We will more than likely need to move as soon as the two awaken, as the ship will soon run out of its stored oxygen and a CO2 buildup is something which we shaken men don’t need to worry about at this point. We’d might as well salvage the mission if we can, as a rescue ship will be sent out within the next few days and if we have something to show for ourselves, this disaster will have at least not been in vain. I can only hope that the situation is not as I had feared in which case CO2 and pocketknives are the least of our concerns.

I will update if and when we find ourselves in a more steady condition though it will have to be by the light of night vision which may be difficult. I’m not sure what lies within that darkened cave in the near distance, but I can’t imagine it will hop in our laps and purr like a cat.

– King

Journal Entry 09
Day: 10
Time: must be nighttime on Earth

Blackness, nothing but all-consuming blackness. This cavern, this oceanic grotto is stunning but I wish I could enjoy it in a shade other than neon, night vision green. However, I can’t complain considering our circumstances have improved drastically from battered bodies to huddled and whimpering sods. Bairnes and I managed to drag MacReady out from the cockpit, away from the ship and into cave over the course of what must have been five hours without a budge from him outside of shallow breathing. Using half a flask of whiskey, we soaked a small stack of books and let them ablaze in what was the most pathetic fire I have ever seen, and I have camped in the Amazon before during the rainy season. My survival training has come in rather handy in this particular situation, as it was needed to patch up MacReady and maintain the fire despite it not giving off enough light to explore the shores of the water.
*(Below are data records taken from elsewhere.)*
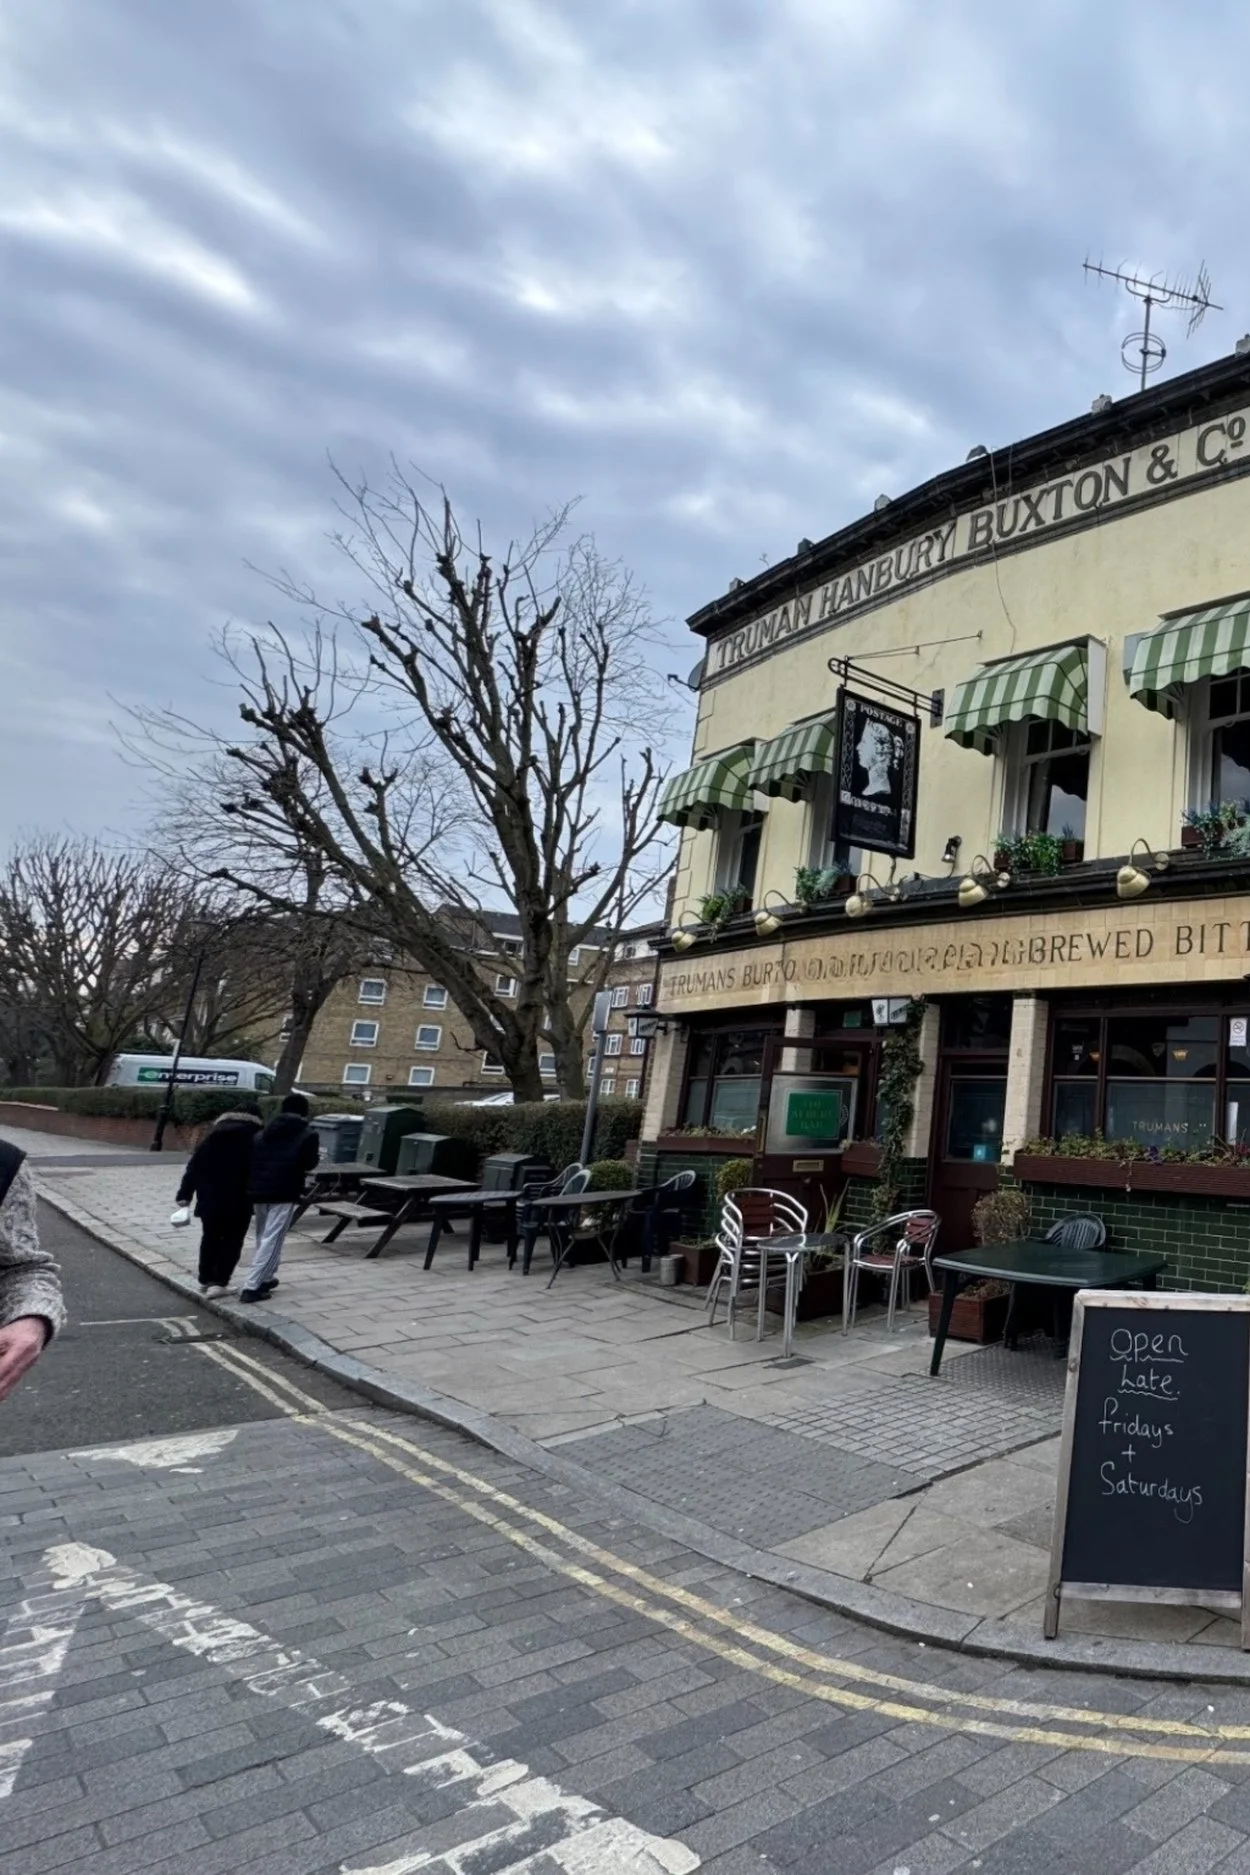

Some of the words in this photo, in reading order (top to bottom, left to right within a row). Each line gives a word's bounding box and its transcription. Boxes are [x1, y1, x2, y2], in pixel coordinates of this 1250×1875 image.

[716, 594, 813, 669] TRUMAN
[819, 521, 956, 619] HANBURY
[966, 456, 1132, 551] BUXTON
[1146, 443, 1178, 484] &
[670, 967, 736, 996] TRUMANS
[1028, 928, 1154, 965] BREWED
[141, 1070, 238, 1082] enerprise
[1132, 1120, 1189, 1134] TRUMANS
[1111, 1328, 1188, 1363] Open
[1101, 1461, 1203, 1523] Saturdays
The ocean itself extends off into the darkness in all directions and it’s impossible to tell how deep it is nor at what point it drops off. We’re also rendered ignorant as to how safe the water is to even touch much less drink without the help of Dr. Howard whom we were forced to leave with the wreckage of our ship. Dr. Howard and Mrs. Willard were the only two individuals on this expedition whom I found myself able to speak to freely and though Bairnes has shaped up to be a rather agreeable man, I cannot find myself any more socially apt around him than MacReady, and thus the day has been long and wordless to the point where I have almost completely lost track of time.
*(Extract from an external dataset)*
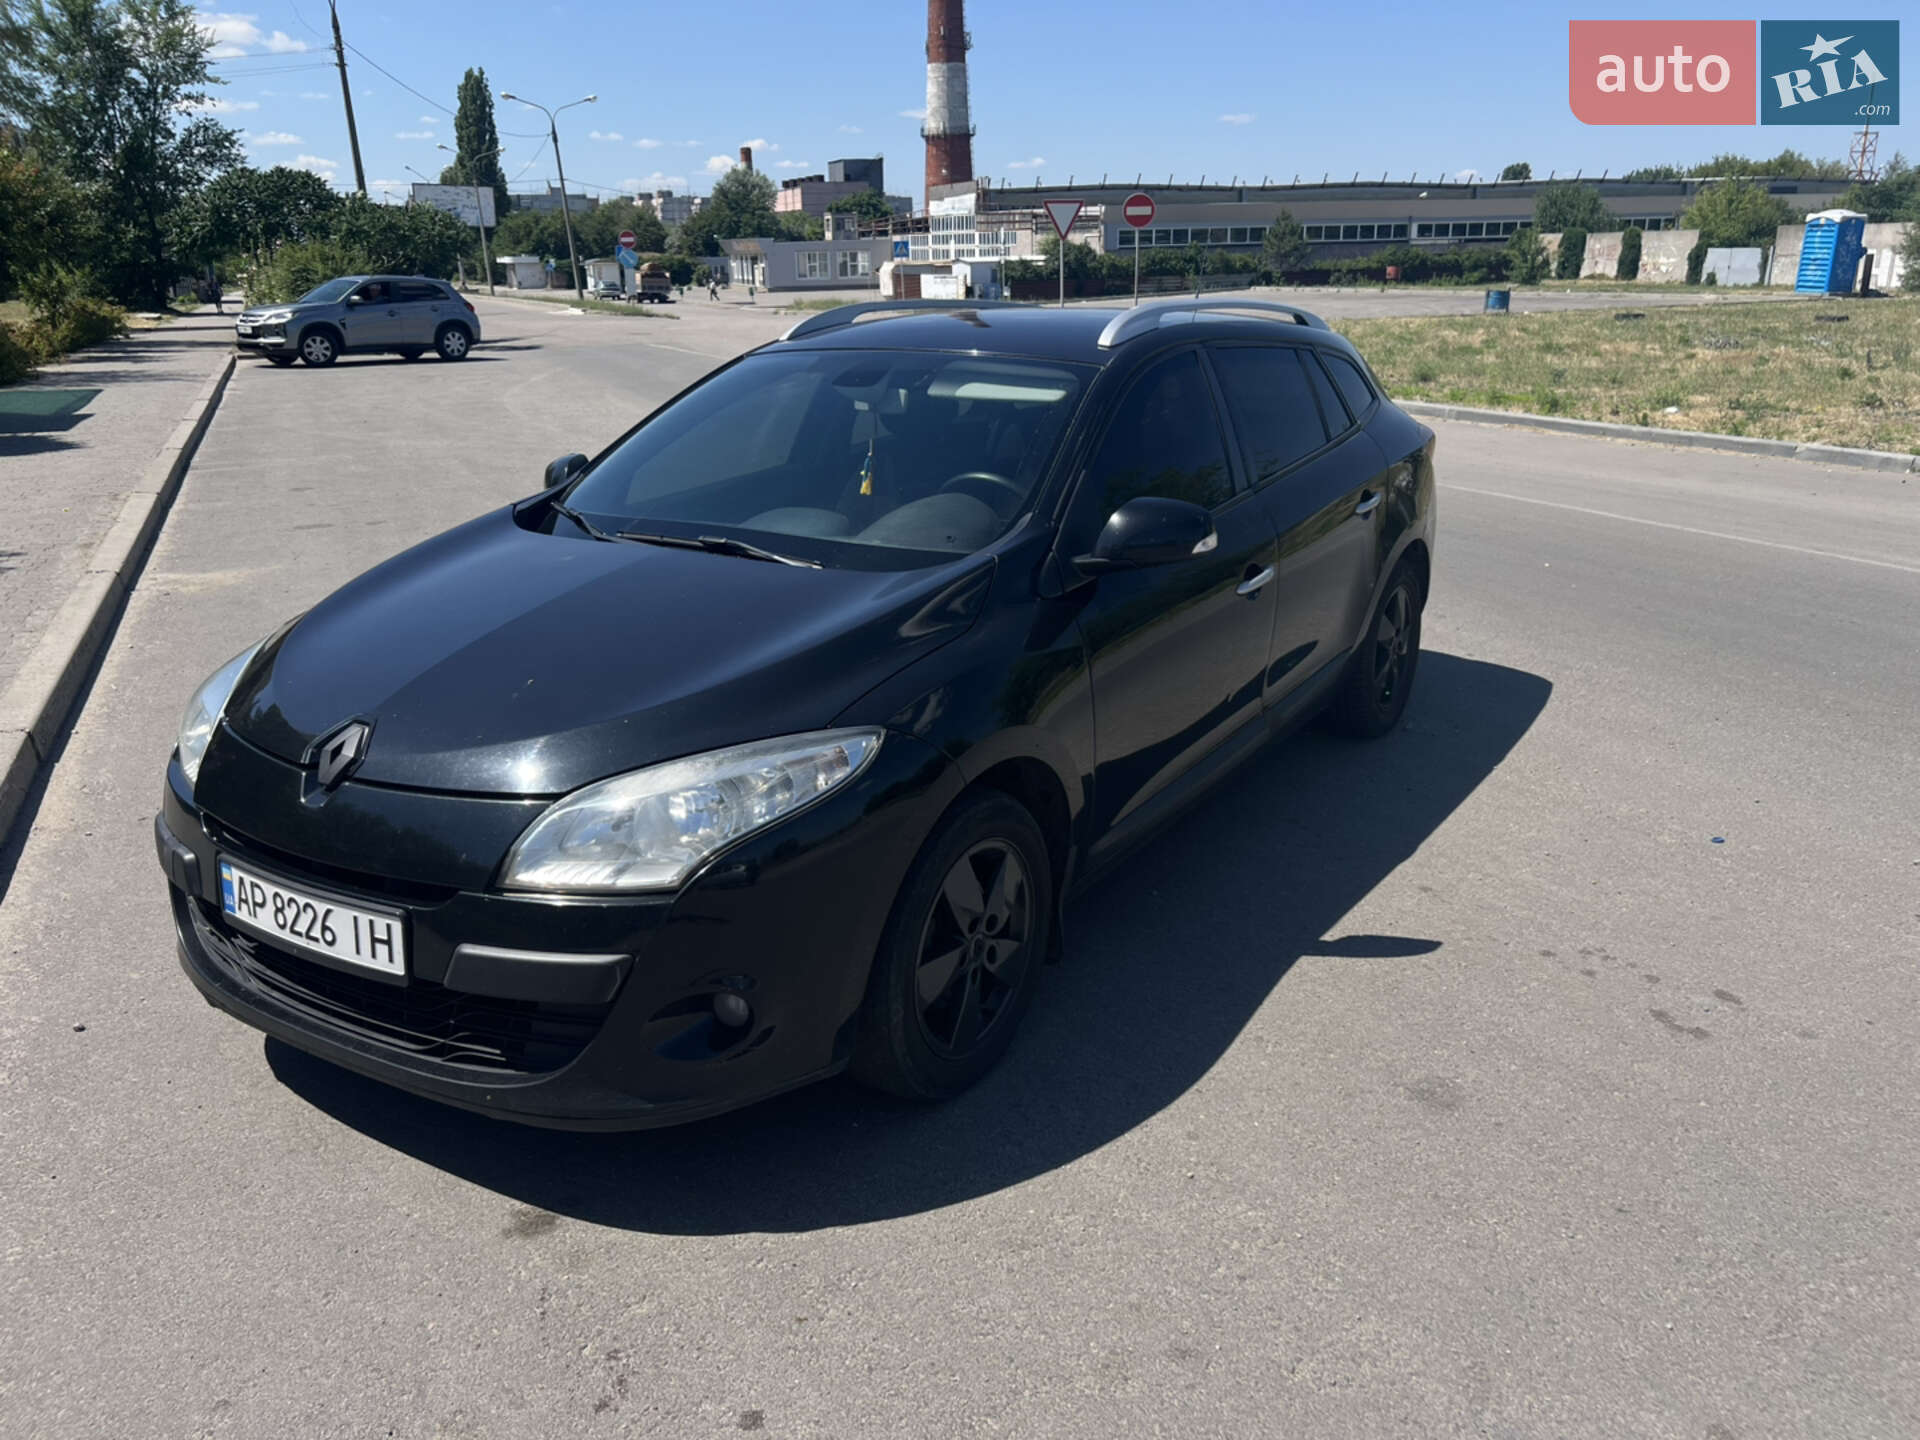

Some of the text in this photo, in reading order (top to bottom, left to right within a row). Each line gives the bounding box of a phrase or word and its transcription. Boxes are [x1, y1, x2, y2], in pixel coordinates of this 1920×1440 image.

[237, 875, 395, 965] AP 8226 IH
I have informed Bairnes that I still plan on scouting the area for any signs of hostile life, or perhaps the organism itself and that I wish for him to accompany me just in case. Bairnes agreed but showed tentativeness at the prospect of leaving MacReady unsupervised which is understandable considering the damage he’s already done to our crew and the expedition; I’m not prepared to return to another standoff over the campfire with the current state of my nerves.

I figured it would prove wise to bind MacReady’s hands and search him for weapons in case he decides to go rogue on us while we’re fumbling around in the dark. Bairnes also suggested that we revoke his night vision attachment from his helmet to ensure that he does not wander off and thought I found this measure questionable, we don’t exactly have time to debate; I’d rather have peace of mind than indulge my empathetic urges right now.

As I struggle to write this by the weak, grainy glow of the night vision attachment, Bairnes is silently roping the unconscious MacReady’s wrists with a length of wire from the ship; how grateful I am that he has yet to awaken and this task had not turned into a wrestling match. Bairnes asked about the notebook earlier and I told him about the log I have been keeping throughout the expedition, how I long to return to Earth and publish it as either a progressive documentary or an action-adventure novel, whatever people are willing to believe. He chuckled at this comment and asked to read it while we walked though I refused, he seemed rather insistent on borrowing the notebook in fact; strange. Anyway, we’ll be off momentarily and though I wish I could make more meticulous preparations, there is little I can do outside of calming myself mentally as I seem to be experiencing a bit of panic; my breathing has become shallow and there is a knot in my chest which becomes tighter as the minutes lurch on. What lies on the banks of this gargantuan, stagnant pool is just beyond me but I get the feeling that something will be waiting for us and whether it is predator or prey, I am unsure.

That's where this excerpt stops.